I enjoyed this novel. I truly did. It's light and romantic with a socially conscious twist and a smidgen of mystery thrown in for good measure. And it absolutely qualifies as a "solid read with a strong female lead" (see my "posts by topic" list in the right-hand column or click on the label at the bottom of this post for more of these), so I'm even more appreciative of Lindsay McFerrin Bates's efforts on her very first novel.
What's it about?
What do "Untouchables" in India have to do with a single mom in NYC and a beautiful British businessman? Once you pick up Random Placement, you'll join the rest of us readers in racing through this fluidly-wrought novel to find the answer. And you'll travel from NYC to Maine to London to Hyderabad in Andrha Pradesh to sleuth out the mystery linking Holly, the Dalit ("Untouchable") Jogini girl Anjali, and Sam.
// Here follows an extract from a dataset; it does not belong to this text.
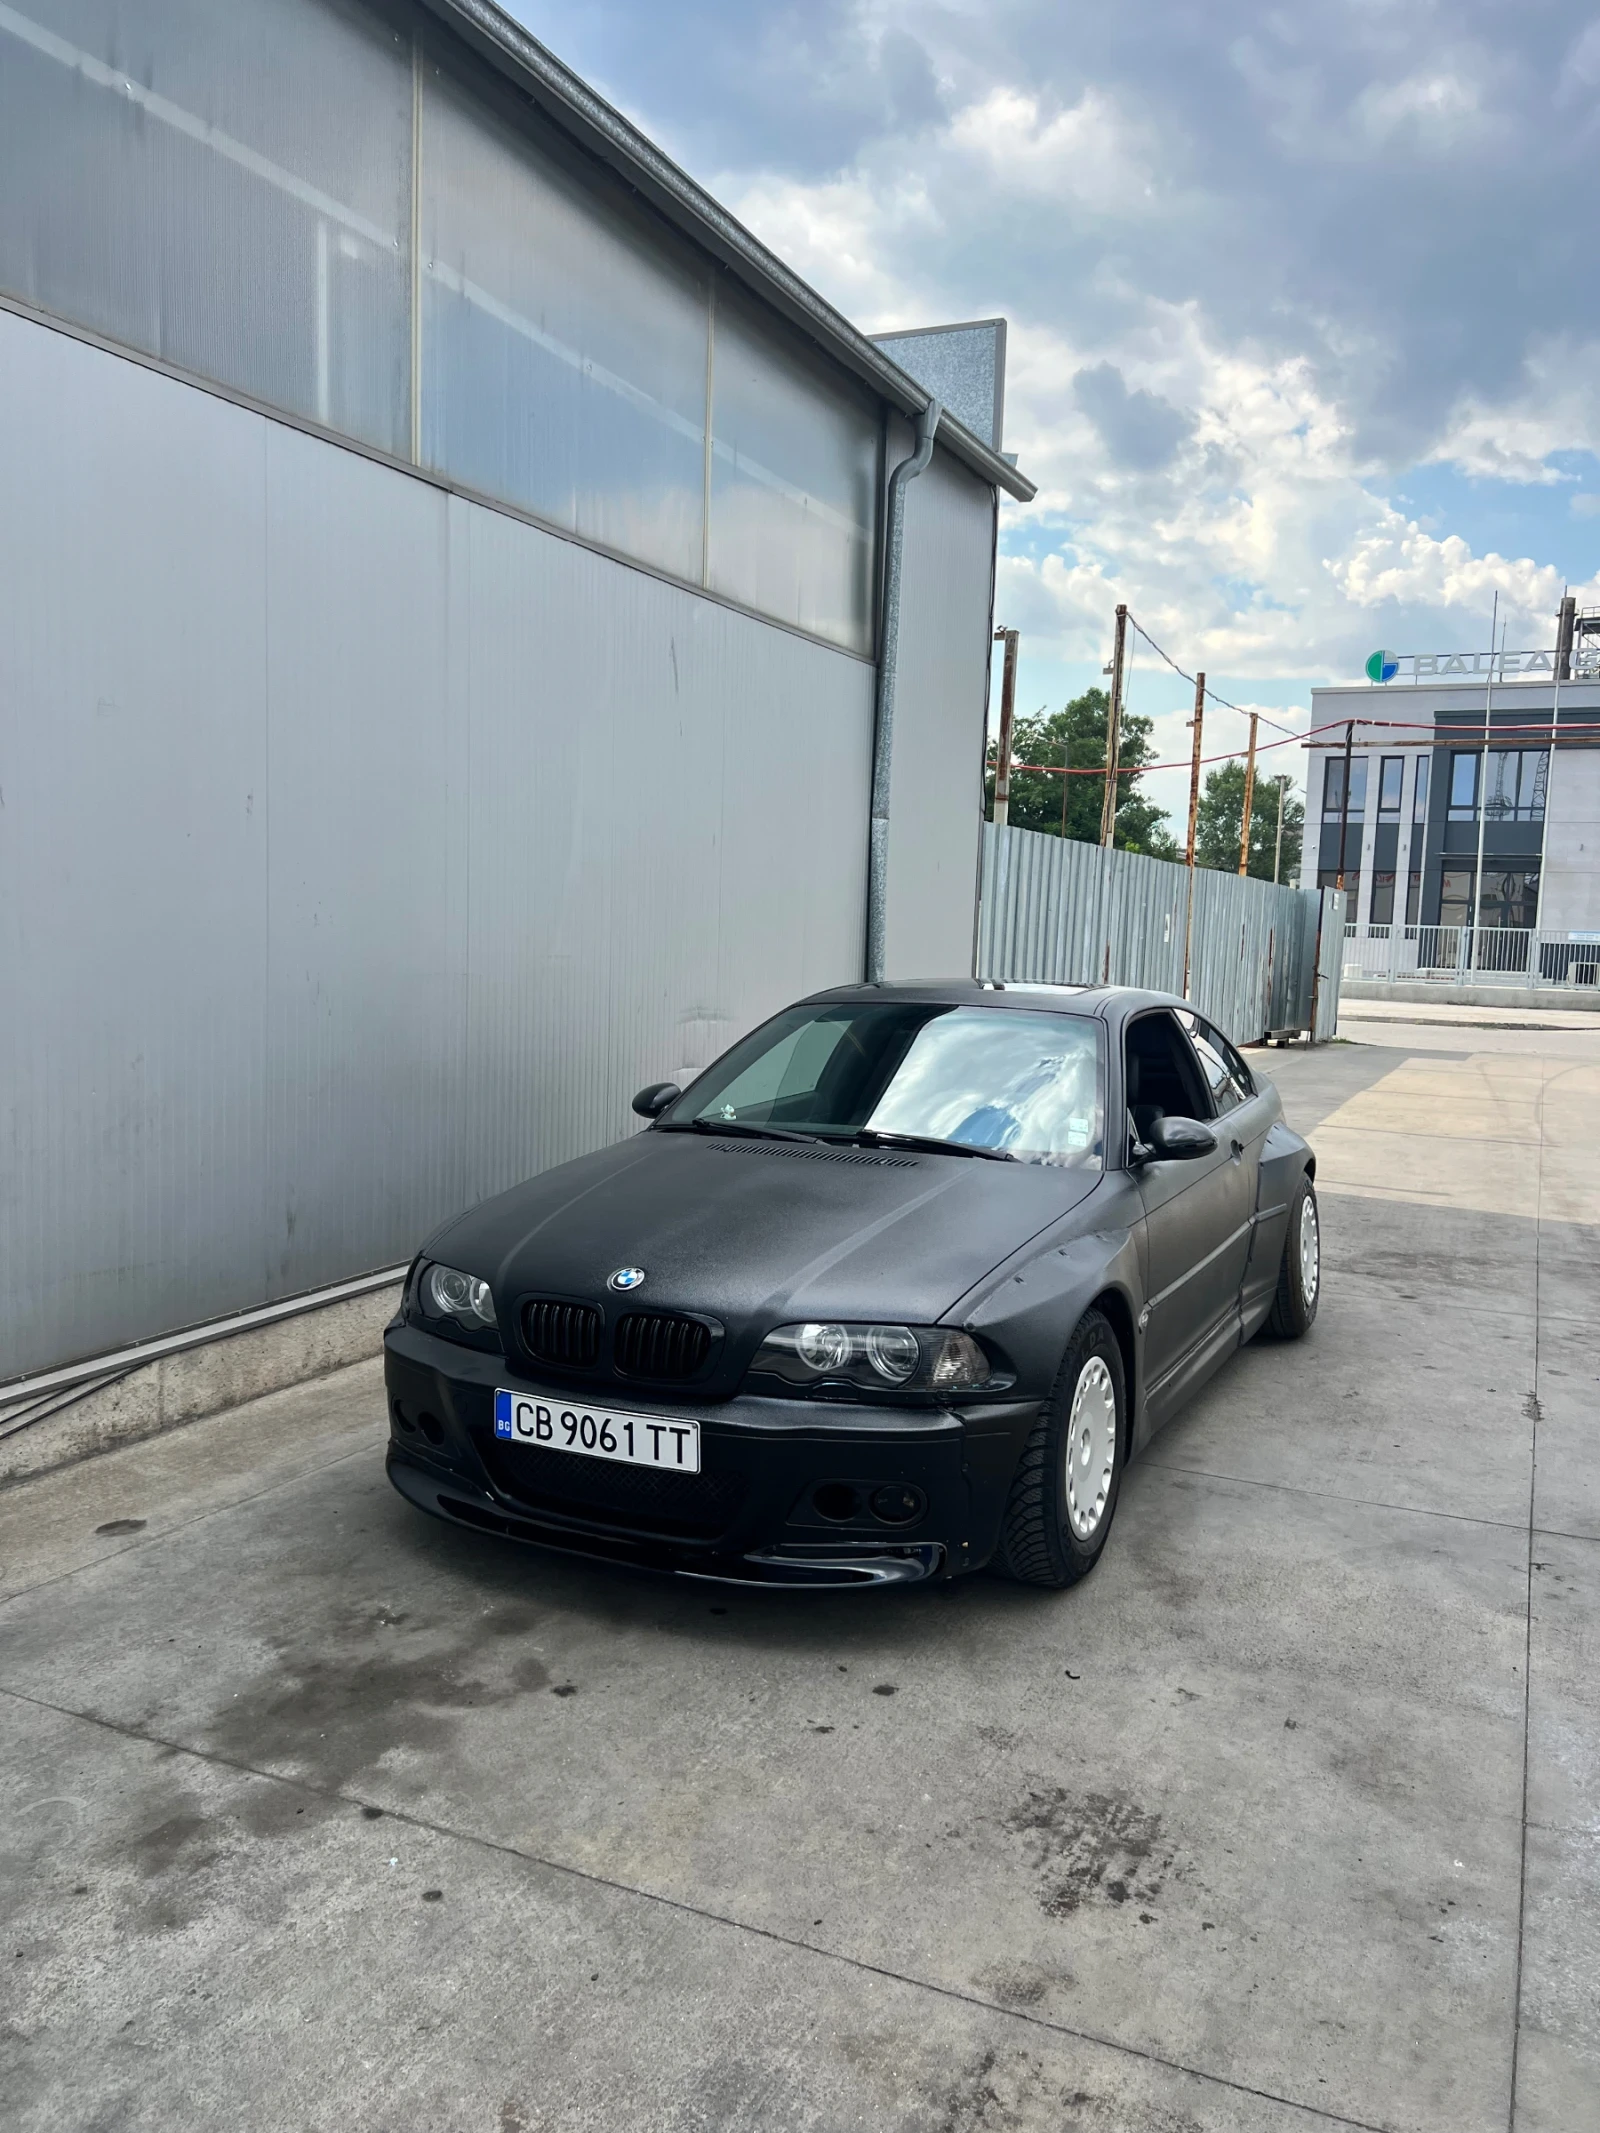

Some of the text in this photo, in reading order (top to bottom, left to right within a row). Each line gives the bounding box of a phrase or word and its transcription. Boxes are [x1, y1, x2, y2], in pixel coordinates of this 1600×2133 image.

Can you offer me a sample of her prose style?
Sure. Sample part of the opener when you "Look Inside": Random Placement (on Amazon). I found Bates's prose fluid, the pacing appropriately swift.
Who would particularly enjoy this novel?
Personally, I rarely read romances, and this novel seems fundamentally of that genre, yet I enjoyed this one. It's a true page-turner, simply flies along. And, even though most of the main characters are adults, it's definitely PG-rated and so could be read by adolescents and adults alike. Anyone who enjoys vivid descriptions of some of the world's great cities - in other words, anyone who loves to (armchair) travel - would likely devour this romantic mystery.
How can I get my hands on a copy?
Random Placement is available in Kindle form only, but those Kindle-less souls (like me) who do have computers or tablets can simply download the Kindle app., which worked well on my iPad. Get Random Placement via this link (no, I am not an Amazon affiliate). At $2.99 it's a bargain perfect to while away the hours on your next plane flight or to cheer you on one of those 2 a.m. wake-ups.
My ActionReader action: I did some research on Hyderabad/Andra Pradesh, and hereby vow to include at least two works (probably short stories) by authors from India in my curriculum next year. And should Ms. McFerrin Bates produce another novel, I'll be sure to pick it up!
My thanks to the author, who read my earlier post on the much grittier recent release Narcopolis by Jeet Thayil, and asked if I might be interested in sampling her first novel. I was, and I'm happy that I did.